Charlie Munger, Bill Gates, and Warren Buffett
Lacy O'Toole | CNBC 

The Robinhood stock investing boom is a polarizing issue, but getting too caught up in the trading app's market role can overlook a more fundamental investor shift over the past year with which its controversial success is linked.

Berkshire Hathaway's Charlie Munger this week pointed the finger at Robinhood, and said the stock market frenzy was "regrettable." Robinhood claims most of its investors are buy-and-hold, but that has to be weighed against the billions in a future public offering it has on the line, and the politicians on Capitol Hill looking out for the little guy, and looking to regulate its business, which relies on money-making relationships with hedge funds.

But what Robinhood said on Thursday about Munger being "elitist" does have some truth to it. The Robinhood critics are leaving out a big, more positive investing story linked to the retail stock trading phenomenon: for many Americans, especially younger ones and minorities, the past year was the first time they ever invested in the market.

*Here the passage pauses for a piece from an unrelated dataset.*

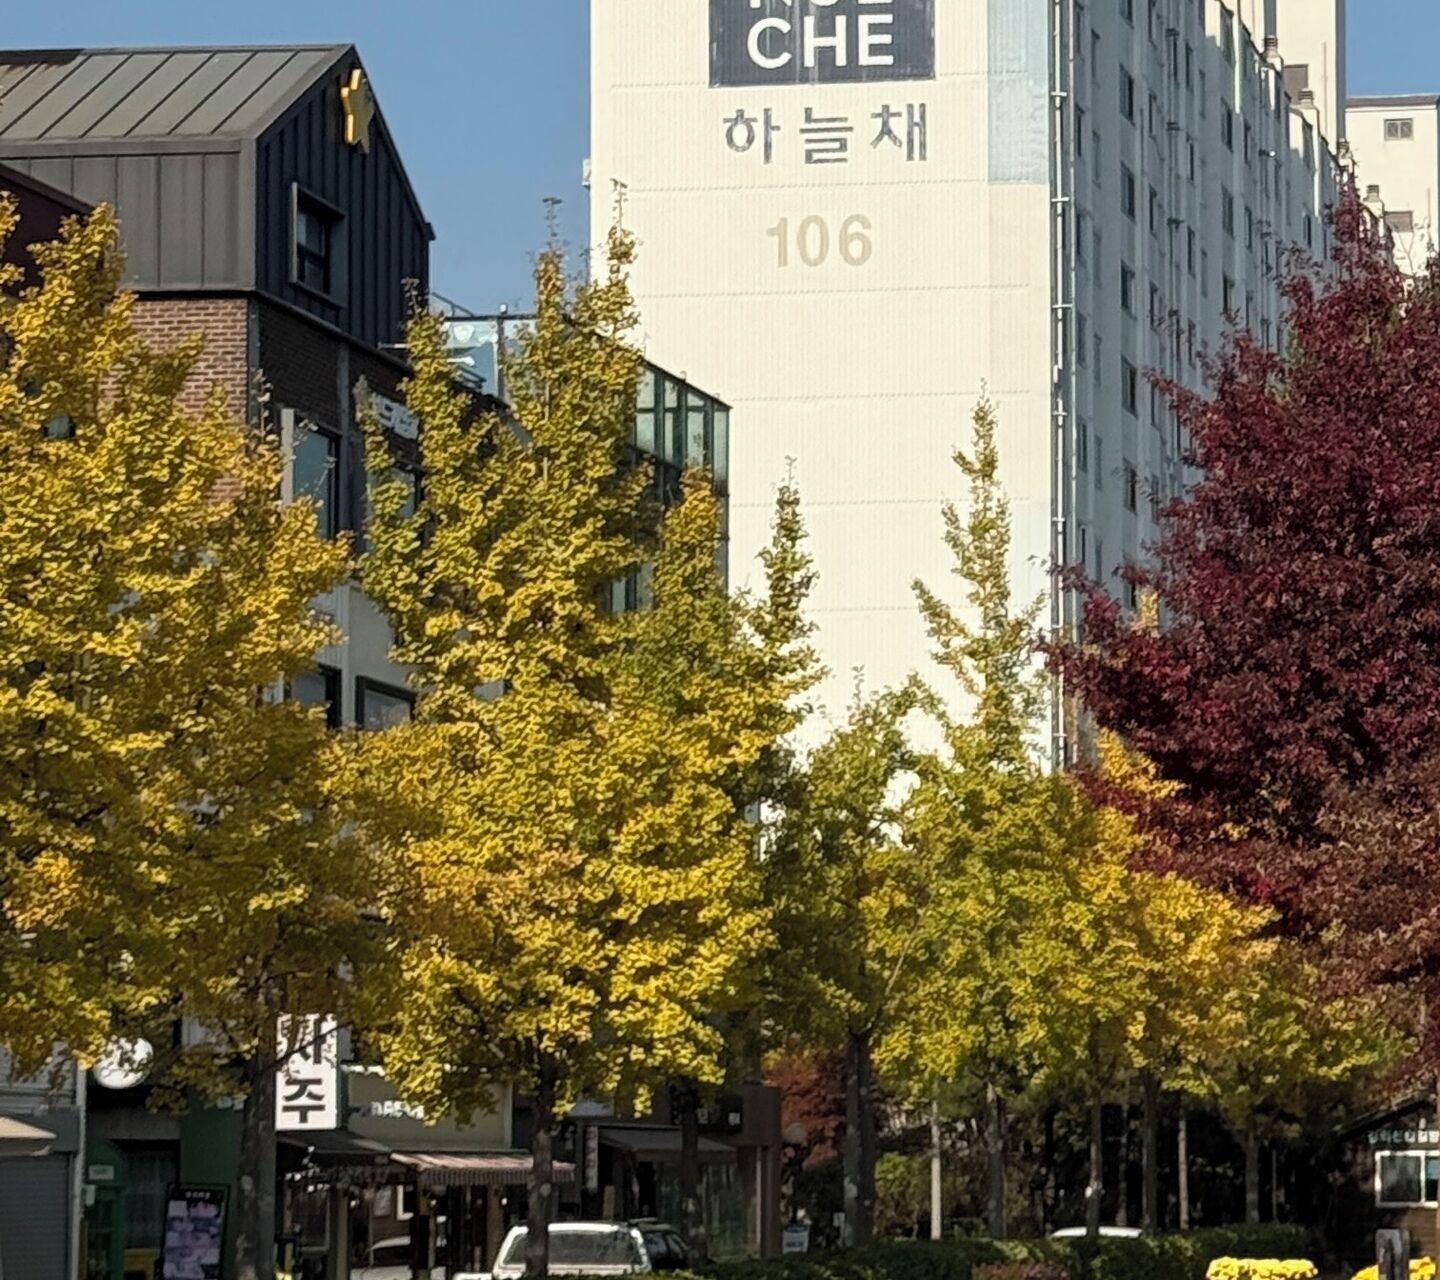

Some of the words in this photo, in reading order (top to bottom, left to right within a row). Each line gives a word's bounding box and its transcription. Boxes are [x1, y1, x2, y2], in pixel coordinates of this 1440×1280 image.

America's new stock market investors

Ten percent of Americans bought a stock for the first time in the past 12 months, along with 7% who started contributing to a retirement account, according to a new CNBC + Acorns Invest in You Survey.

There has been a broad retail investing surge since the pandemic began: More than 10 million people in America opened a new brokerage account in 2020. The CNBC survey, conducted among over 6,100 adults in between February 1 and February 8 by SurveyMonkey, provides a window onto many of the market's new investors whom, if they do turn out to be buy-and-hold, will be making the right move and gaining a share of stock market wealth creation that historically has been concentrated in the nation's top income brackets.

Twenty-two percent of technology savvy Gen Z respondents opened a stock market account in the past 12 months, the highest percentage among any age group surveyed. The next age bracket (25-34) was second, with 17% buying stocks for the first time.

In addition, 13% of Blacks and Hispanics bought stocks for the first time; that figure was 14% among Asian-Americans. Hispanic males made up the largest percentage of new stock investors at 19%.

Those without a college degree and in the income bracket of $50,000 or less were also the most likely to buy stocks for the first time, according to the CNBC survey.

Data from Charles Schwab released Thursday also shows progress made by Black Americans, with 63% under the age of 40 now participating in the stock market, equal to white counterparts, though there remains a significant overall racial gap in stock market wealth. Its 2020 Ariel-Schwab Black Investor Survey found three times as many Black investors as white investors (15% vs. 5%) report having invested in the market for the first time in 2020.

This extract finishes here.